The original GitHub repositories can be found here (BANet), here (LapDepth), and here (PixelFormer).
In summary, the MSc thesis compared the above three state-of-the-art deep learning models that estimate depth from a single image. The models were trained from scratch on DIODE/Outdoor with adjustments to the code to load the dataset. Different hyperparameters were tested to find the combination that yields the best statistics for each model. The SILog loss and RMSE criteria ensured an objective evaluation. In addition, two more datasets (KITTI selection and IHU) provided a subjective evaluation.
The PDF file of the MSc thesis Monocular depth estimation using deep neural models.pdf
is also available.
DIODE/Outdoor is a subset of DIODE. It contains 16,884 training and 446 validation images and depth maps tottaling 124GB. Both were captured wth the FARO Focus S350 laser scanner with a range of 350 meters. DIODE/Outdoor's diverse scenes depict city streets, large residential buildings, hiking trails, parking lots, parks, forests, river banks, and other outdoor environments at short, medium, and long distances.
The dataset can be downloaded from here.
KITTI selection is the validation set of KITTI, mostly intended for autonomous driving applications. It contains 1,000 images and depth maps tottaling 802MB. A Volkswagen station wagon with mounted equipment drove around Karlsruhe, Germany, to record various driving scenarios. The setup included a Velodyne HDL-64E LiDAR sensor with a range of 120 meters and a PointGray Flea2 FL2-14S3C-C color camera.
The dataset can be downloaded from here.
The IHU dataset was created specifically for this thesis. It contains 30 RGB images taken after a walk around the Alexandrian Campus of IHU on the 19th of October 2023 from 6 p.m. to 7:30 p.m. A Samsung Galaxy A13 5G smartphone was the only equipment. The aspect ratio was set to 4:3, resulting in 3060x4080 resolution RGB images.
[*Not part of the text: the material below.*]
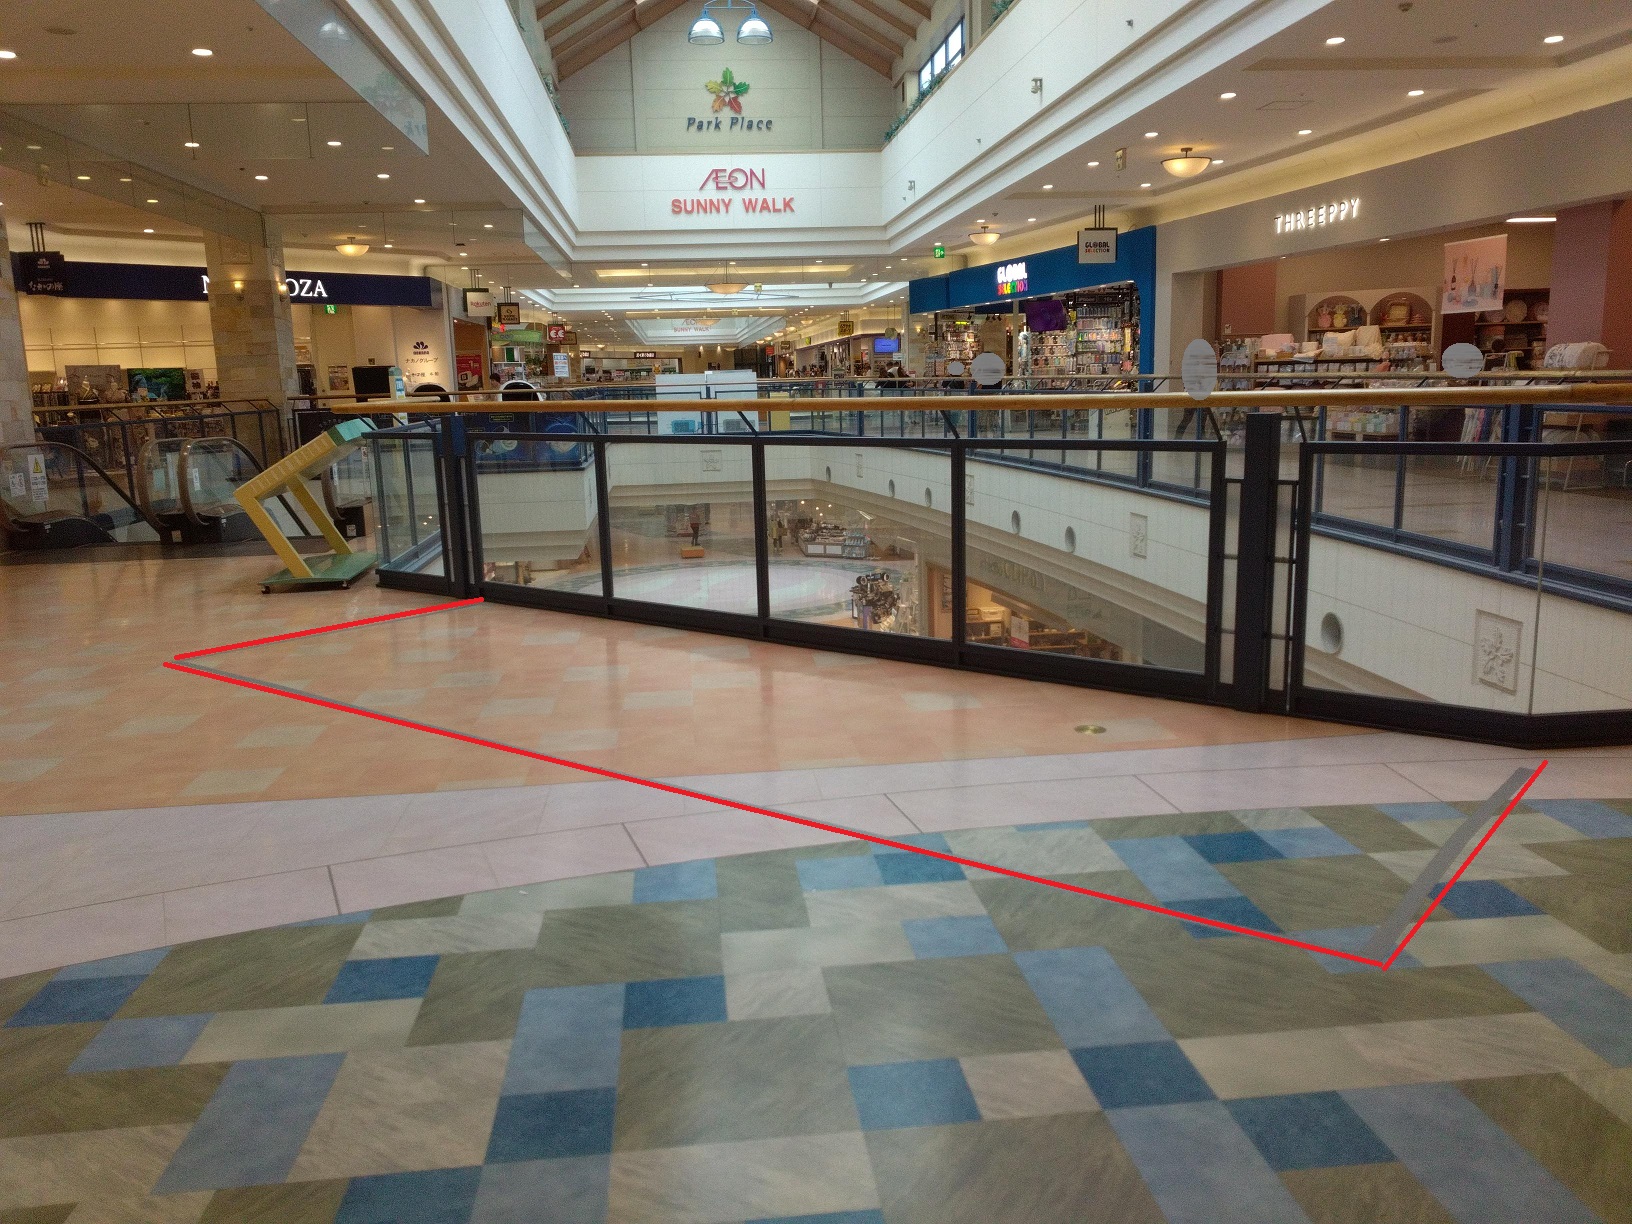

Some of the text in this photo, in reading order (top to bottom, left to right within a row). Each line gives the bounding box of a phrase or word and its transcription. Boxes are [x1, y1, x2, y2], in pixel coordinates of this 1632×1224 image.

[687, 116, 774, 131] Park Place
[671, 197, 796, 215] SUNNY WALK
[1274, 197, 1361, 234] THREEPPY
They were then resized to 1024x768 tottaling 4MB and DIODE’s resolution into consideration. Moreover, IHU depicts similar outdoor environments to DIODE/Outdoor with objects, such as vehicles, roads, trees, and signs.
The resized dataset can be found in the IHU
folder of this repository.
conda create -n banet python=3.6.8 anaconda
conda activate banet
conda install pytorch==1.8.0 torchvision==0.9.0 torchaudio==0.8.0 cudatoolkit=10.2 -c pytorch
pip install tensorboard matplotlib progressbar2 pandas opencv-python==4.5.1.48 opencv-contrib-python==3.4.4.19
Tip
To remove the environment, enter the following command.
conda env remove -n banet
- Train BANet on DIODE/Outdoor
- Open
datasets_banet_csvs.ipynb
from thescripts
folder. - Modify the path to the
DIODE
folder in the Define functions code cell. - Run Import packages, Define functions, and Create DIODE/Outdoor CSV files.
- Replace
diode_train.csv
anddiode_val.csv
inmodels/BANet/datasets/
with the new CSV files. - You can now execute the training command.
- Open
python3 main.py --train 1 --height 192 --width 256 --train_csv datasets/diode_train.csv --val_csv datasets/diode_val.csv
- Evaluate DIODE/Outdoor
- Execute the evaluation command (modify [path_to_model]).
python3 main.py --inference random --height 192 --width 256 --model [path_to_model] --val_csv datasets/diode_val.csv
- Evaluate KITTI selection
- Open
datasets_kitti_selection.ipynb
from thescripts
folder. - Run Import packages, Set Current Working Directory, Copy raw images to new location, Copy and convert depth PNG files to NPY, and Create KITTI selection CSV file (relative path).
- Open
datasets_banet_csvs.ipynb
from thescripts
folder. - Modify the path to the
kitti_selection
folder in the Create KITTI selection CSV file code cell. - Run Import packages and Create KITTI selection CSV file.
- Replace
kitti_selection_banet.csv
inmodels/BANet/datasets/
with the new CSV file. - You can now execute the evaluation command (modify [path_to_model]).
- Open
python3 main.py --inference random --height 192 --width 256 --model [path_to_model] --val_csv datasets/kitti_selection_banet.csv
Tip
Steps i. and ii. are the same for all three models, so you do not need to execute them again if you have already done so.
- Evaluate IHU
- Open
datasets_banet_csvs.ipynb
from thescripts
folder. - Modify the path to the
ihu_resized
folder in the Create IHU CSV file code cell. - Run Import packages and Create IHU CSV file.
- Replace
ihu_banet.csv
inmodels/BANet/datasets/
with the new CSV file. - You can now execute the evaluation command (modify [path_to_model]).
- Open
python3 main.py --inference random --height 192 --width 256 --model [path_to_model] --val_csv datasets/ihu_banet.csv
conda create -n lapdepth python=3.7 anaconda
conda activate lapdepth
conda install pytorch==1.6.0 torchvision==0.7.0 cudatoolkit=9.2 -c pytorch
pip install geffnet path IPython blessings progressbar
Tip
To remove the environment, enter the following command.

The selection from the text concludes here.